July 18, 2014


Illegals Crossing Border Have More Rights Than College Students Accused of Rape

WASHINGTON, D.C.: Tens of thousands of illegal immigrants, both children and adults, now streaming across the border, have more procedural protections – like the right to an impartial hearing, to require the production of documents, to present evidence, to cross examine those testifying against them, and to have their own lawyer present – even though it appears that most will never be deported, and those who are deported will simply be returned to their homes, whereas the much smaller number of college students who face expulsion and all of its life-altering consequences for alleged date rape have no such rights.

The disparity in procedural protections is likely to shortly become even worse, with a just-filled law suit seeking to require that each of the 60,000-plus unaccompanied children who have come across the border since November get taxpayer-funded representation at deportation hearings.

President Obama has just requested $15 million for attorneys to represent unaccompanied minors in deportation removal proceedings, and an additional $1.1 million for “immigration litigation attorneys” who, presumably, would assist adult illegal immigrants in their proceedings.

“The president is asking U.S. taxpayers to spend millions to help illegal immigrants who knowingly broke our laws to avoid deportation,” says Jessica Vaughn, director of policy studies at the Center for Immigration Studies; a decision which may have dire consequences for our entire immigration policy.

Indeed, if these and other budget requests are not approved, other border functions will have to be cut, said Homeland Security Secretary Jeh Johnson. “At the current burn rate, ICE is going to run out of money at mid-August and we project CBP will run out of money in mid-September,” Johnson said.

In sharp and dramatic contrast – even though the issues in typical “he said, she said” date rape proceedings tend to be far more complicated to resolve, and often require skilled cross examination to get to the truth – students accused of date rape and other sexual assaults are often not permitted to even have their own attorneys present, much less to conduct cross examination, something which would cost colleges nothing.

Indeed, even cross examination to test the veracity of what is often the only direct evidence of wrongdoing – the testimony of the complainants, some 60% of whom are so intoxicated that they have no clear memory of the event, and some 33% who had mental health issues prior to the alleged assault – often is not permitted in college adjudicatory proceedings.

This is especially upsetting when the U.S. Supreme Court has ruled that the Constitution requires Due Process procedural protections – including cross examination and the right to counsel – before other arguably less serious consequences such as the loss of disability benefits, cuts in welfare benefits, wrongful terminations, etc.

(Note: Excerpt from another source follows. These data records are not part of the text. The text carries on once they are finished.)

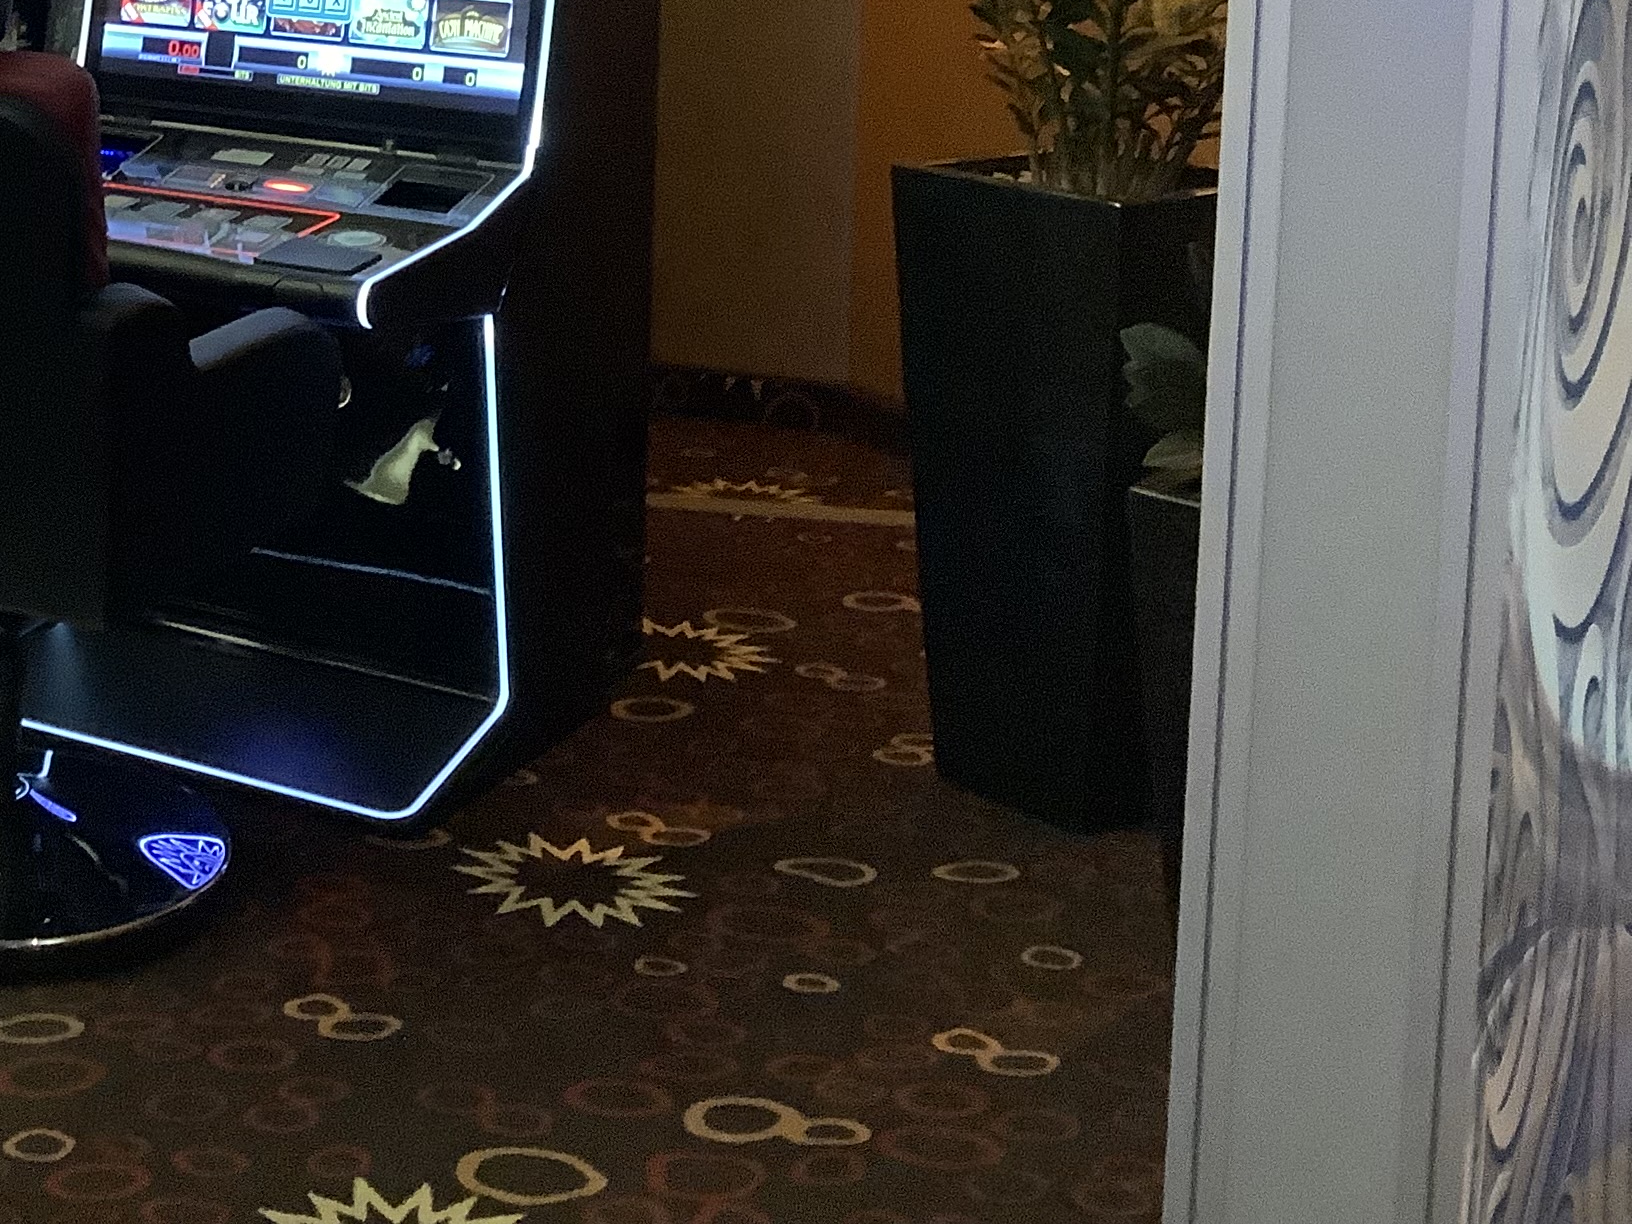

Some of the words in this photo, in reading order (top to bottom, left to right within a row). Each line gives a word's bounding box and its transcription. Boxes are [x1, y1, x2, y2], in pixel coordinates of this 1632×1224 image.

[168, 40, 200, 59] 0.00
[297, 56, 306, 69] 0
[413, 67, 422, 81] 0
[465, 72, 475, 86] 0
[279, 76, 342, 90] UNTERHALTUNG
[343, 81, 358, 91] MIT
[359, 83, 377, 94] BITS

So far, more than a dozen students have successfully sued their universities for improperly finding them guilty of date rape, and more than a dozen more cases are pending, says public interest law professor John Banzhaf, who first spotted the trend.

Because so many of these law suits involve allegations of violations of Due Process, judges may soon begin determining exactly what procedures are required by the Constitution, taking these controversial issues out of the hands of both legislators and college administrators, he predicts.

“The Supreme Court has determined that judges – not legislators or regulators – have the final say in determining under the Constitution which procedural protections a person is entitled to, and has set forth a formula which requires that judges consider both the seriousness of the loss to the accused and the importance of the procedural protection for preventing that loss,” says Banzhaf.

Like I keep saying, there’s a lot of low-hanging legal fruit in the higher-education sector.